Xavier Díez de Urdanivia

La reticencia a volver la cara hacia las ventanas le impide ver lo que pasa afuera; le impide conocer que pasa más allá de sus umbrales, cómo es el mundo.

¿Timidez? Achicamiento, más bien parece ser, a juzgar por el lenguaje corporal: sumido en el asiento, con los hombros encogidos; la mano en el bolsillo y otros gestos indicativos, cuando se reúne con sus homólogos.

Aquellos tiempos en que México fue capaz, por la calidad de su diplomacia, de implantar principios y enarbolarlos en el ámbito internacional se han difuminado entre las brumas del desconcierto.
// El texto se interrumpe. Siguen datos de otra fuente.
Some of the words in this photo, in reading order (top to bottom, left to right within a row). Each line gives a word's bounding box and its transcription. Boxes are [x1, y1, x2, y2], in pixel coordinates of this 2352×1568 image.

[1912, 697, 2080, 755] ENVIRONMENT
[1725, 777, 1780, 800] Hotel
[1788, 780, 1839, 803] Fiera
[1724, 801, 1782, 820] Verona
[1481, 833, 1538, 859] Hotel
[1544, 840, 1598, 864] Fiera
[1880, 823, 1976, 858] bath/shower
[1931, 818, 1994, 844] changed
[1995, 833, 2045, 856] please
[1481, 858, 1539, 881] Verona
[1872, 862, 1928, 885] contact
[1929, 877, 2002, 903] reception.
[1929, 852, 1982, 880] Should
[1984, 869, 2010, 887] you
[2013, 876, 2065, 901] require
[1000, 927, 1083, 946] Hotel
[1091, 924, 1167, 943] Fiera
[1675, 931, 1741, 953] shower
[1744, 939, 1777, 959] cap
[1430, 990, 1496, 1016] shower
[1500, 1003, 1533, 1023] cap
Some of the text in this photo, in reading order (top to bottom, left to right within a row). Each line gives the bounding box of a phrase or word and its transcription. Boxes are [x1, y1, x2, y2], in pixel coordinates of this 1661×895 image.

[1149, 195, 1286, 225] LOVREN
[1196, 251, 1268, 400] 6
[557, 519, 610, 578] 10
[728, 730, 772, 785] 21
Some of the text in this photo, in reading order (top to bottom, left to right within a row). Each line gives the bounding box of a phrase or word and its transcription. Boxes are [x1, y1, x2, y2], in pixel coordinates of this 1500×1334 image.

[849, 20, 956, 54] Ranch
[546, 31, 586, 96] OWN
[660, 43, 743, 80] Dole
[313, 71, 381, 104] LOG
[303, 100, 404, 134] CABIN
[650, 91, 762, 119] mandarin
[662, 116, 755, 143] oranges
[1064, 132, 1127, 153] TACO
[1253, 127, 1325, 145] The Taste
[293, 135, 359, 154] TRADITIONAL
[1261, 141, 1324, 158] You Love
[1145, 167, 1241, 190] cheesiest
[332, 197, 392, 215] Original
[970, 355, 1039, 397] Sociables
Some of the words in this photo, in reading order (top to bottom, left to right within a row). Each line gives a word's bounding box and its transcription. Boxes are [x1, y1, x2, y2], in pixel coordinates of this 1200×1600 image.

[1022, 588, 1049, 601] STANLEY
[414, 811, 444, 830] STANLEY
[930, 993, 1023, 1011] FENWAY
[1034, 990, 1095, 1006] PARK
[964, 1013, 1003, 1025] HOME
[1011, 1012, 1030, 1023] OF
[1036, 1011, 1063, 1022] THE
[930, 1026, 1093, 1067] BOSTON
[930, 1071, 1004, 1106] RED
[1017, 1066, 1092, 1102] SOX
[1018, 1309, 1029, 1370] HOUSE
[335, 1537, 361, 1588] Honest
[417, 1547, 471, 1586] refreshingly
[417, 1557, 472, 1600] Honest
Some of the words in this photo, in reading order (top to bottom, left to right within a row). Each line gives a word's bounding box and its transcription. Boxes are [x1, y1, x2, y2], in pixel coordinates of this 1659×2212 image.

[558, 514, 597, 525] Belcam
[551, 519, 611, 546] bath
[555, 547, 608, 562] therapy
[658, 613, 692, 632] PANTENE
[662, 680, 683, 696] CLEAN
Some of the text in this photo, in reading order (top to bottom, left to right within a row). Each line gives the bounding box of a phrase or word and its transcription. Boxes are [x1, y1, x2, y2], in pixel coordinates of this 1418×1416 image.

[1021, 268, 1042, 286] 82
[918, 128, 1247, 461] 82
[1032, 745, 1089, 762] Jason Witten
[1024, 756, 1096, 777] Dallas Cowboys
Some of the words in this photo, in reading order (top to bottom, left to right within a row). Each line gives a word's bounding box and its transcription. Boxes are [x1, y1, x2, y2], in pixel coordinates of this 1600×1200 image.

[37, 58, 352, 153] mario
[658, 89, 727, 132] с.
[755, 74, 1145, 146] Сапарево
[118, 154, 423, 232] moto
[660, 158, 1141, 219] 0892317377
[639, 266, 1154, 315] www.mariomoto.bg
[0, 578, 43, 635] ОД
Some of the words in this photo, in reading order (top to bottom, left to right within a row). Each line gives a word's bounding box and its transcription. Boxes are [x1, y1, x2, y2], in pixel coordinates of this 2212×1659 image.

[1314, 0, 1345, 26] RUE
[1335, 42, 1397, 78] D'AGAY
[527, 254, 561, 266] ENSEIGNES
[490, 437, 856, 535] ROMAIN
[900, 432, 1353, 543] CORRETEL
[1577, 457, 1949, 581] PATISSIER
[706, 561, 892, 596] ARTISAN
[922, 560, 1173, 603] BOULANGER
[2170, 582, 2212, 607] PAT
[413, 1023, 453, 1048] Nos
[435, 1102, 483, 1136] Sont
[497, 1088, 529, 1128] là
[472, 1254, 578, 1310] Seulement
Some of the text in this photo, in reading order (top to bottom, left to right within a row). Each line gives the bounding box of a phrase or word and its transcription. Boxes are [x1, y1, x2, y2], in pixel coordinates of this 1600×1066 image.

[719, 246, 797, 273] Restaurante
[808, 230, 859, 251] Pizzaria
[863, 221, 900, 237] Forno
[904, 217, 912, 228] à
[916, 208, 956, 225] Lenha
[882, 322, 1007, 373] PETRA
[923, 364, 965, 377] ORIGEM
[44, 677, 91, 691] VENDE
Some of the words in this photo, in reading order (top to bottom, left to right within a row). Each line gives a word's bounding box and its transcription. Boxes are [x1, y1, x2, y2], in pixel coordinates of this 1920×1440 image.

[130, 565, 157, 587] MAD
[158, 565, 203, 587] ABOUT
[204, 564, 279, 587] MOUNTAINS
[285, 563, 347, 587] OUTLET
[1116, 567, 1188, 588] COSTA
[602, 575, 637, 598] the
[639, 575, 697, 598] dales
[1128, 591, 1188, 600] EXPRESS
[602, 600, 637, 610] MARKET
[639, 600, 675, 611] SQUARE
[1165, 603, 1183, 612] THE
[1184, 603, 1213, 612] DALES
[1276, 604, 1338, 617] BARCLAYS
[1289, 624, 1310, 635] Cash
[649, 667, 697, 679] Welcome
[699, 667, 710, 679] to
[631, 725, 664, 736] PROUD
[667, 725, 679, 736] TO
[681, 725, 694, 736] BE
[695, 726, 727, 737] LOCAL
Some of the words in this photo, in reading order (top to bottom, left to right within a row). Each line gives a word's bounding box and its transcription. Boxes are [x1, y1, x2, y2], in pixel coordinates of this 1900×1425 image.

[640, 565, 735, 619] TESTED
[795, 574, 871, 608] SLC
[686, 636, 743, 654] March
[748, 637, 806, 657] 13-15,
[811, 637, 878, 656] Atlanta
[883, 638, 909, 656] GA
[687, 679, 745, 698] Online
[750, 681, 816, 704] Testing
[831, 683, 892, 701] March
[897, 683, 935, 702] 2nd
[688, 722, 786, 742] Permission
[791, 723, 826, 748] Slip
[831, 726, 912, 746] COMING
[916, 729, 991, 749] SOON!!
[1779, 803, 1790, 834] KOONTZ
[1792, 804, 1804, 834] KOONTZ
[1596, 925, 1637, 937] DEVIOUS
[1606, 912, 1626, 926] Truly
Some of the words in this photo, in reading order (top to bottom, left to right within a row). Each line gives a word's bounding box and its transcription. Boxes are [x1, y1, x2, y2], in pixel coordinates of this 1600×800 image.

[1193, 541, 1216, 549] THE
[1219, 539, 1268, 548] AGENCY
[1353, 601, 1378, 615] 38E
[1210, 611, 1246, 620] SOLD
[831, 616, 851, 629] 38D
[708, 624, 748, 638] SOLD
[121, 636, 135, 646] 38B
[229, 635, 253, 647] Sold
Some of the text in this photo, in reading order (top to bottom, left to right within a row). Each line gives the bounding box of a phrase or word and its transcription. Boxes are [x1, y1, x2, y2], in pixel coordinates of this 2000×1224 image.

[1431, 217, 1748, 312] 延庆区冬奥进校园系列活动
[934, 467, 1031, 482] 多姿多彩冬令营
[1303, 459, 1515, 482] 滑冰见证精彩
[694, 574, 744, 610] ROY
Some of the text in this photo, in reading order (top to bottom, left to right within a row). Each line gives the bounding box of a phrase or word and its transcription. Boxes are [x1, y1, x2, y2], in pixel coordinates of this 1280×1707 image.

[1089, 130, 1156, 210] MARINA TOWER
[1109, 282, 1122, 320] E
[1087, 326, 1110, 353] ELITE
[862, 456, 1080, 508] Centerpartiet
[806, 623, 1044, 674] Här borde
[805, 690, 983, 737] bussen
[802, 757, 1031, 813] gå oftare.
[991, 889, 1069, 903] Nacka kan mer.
Dice Arturo Sarukhán, exembajador de México en Washington, que “ni las brújulas sirven cuando no se sabe a dónde se quiere ir”, en referencia a varios episodios que evidenciaron la “la lamentable huella y bancarrota diplomáticas del presidente López Obrador”, tales como la candidatura fallida de Gerardo Esquivel Hernández a la presidencia del BID, las ridícula y diplomáticamente impropia reacción de la Secretaría de Hacienda mexicana con comunicado insólito sobre esa decisión, el discurso del presidente Boric en el Senado mexicano respecto de Nicaragua y los derechos humanos, que pareció un extrañamiento al Gobierno mexicano, omiso en unirse a esa voz y, peor, arropador del régimen nicaragüense.

Tengo que decir que no puede describirse de mejor manera la actitud del gobierno mexicano en la materia, aunque todavía es posible que no es cuestión de confusión, sino que podría ser denegación: es posible que no quiera ir a ningún lado, y que sólo forzado por las circunstancias tenga que atender citatorios de Washington o recibir, a regañadientes, a jefes de Estado visitantes.

Yo más bien creo que es lo segundo y que, si por él fuera, estaría mucho más cómodo como candidato, tomando instalaciones y calles, arropado por esa porción de la comunidad que él llama “pueblo bueno y sabio”, la porción de la sociedad que queda después de discriminar a toda persona que no piense como él o no le rinda tributo a su narcicismo.

La razón, a fin de cuentas, no importa. El caso es que la luz intensa de la añeja diplomacia mexicana se apaga inexorablemente y su custodio actual poco parece hacer para mantener viva la llama. Hay que reconocerle que, cuando menos, persista a pesar por los esfuerzos que, desde todo su derredor, soplan para apagarla.

Mientras tanto, los nuevos líderes latinoamericanos pertenecientes a las corrientes de izquierda (cualquiera que sea el significado del término hoy) buscan un nuevo liderazgo y cada vez más determinados voltean a ver al vivificado Lula, que renació purificado y con nuevos bríos para reivindicar los objetivos y metas “progresistas” que todos dicen buscar y enarbola como bandera.

Hace unos años, la distinción de propósitos entre derechas se fue acortando y la lucha era por adueñarse del centro. En el vaivén dialéctico de la política, en estos tiempos el centro ya queda chico para tantos ocupantes, que ni voltearán a la derecha radical -la única que va quedando- ni se sienten bien con las dictaduras militarizadas.

Son jóvenes políticos, pero maduros y claros. Uno de sus bloques de principios está compuesto por líneas de promoción y protección de los “derechos humanos”, por lo que no podrían apoyar o seguir liderazgos de quienes los atropellan y aun montan en su violación sus estructuras de control y dominación, como Cuba, Nicaragua y Venezuela.

Las incongruencias de México, el declive de su política exterior y lo errático de su diplomacia, por otra parte, impiden que sea el buque insignia de una alianza que saben estratégicamente necesaria si se quiere que sus pretensiones pesen y sus propósitos se vean coronados por el éxito.

Esa posibilidad tendrá que buscarse en otra parte. México ya no puede ofrecerla, aunque el impedimento fuera, como es deseable, de carácter temporal.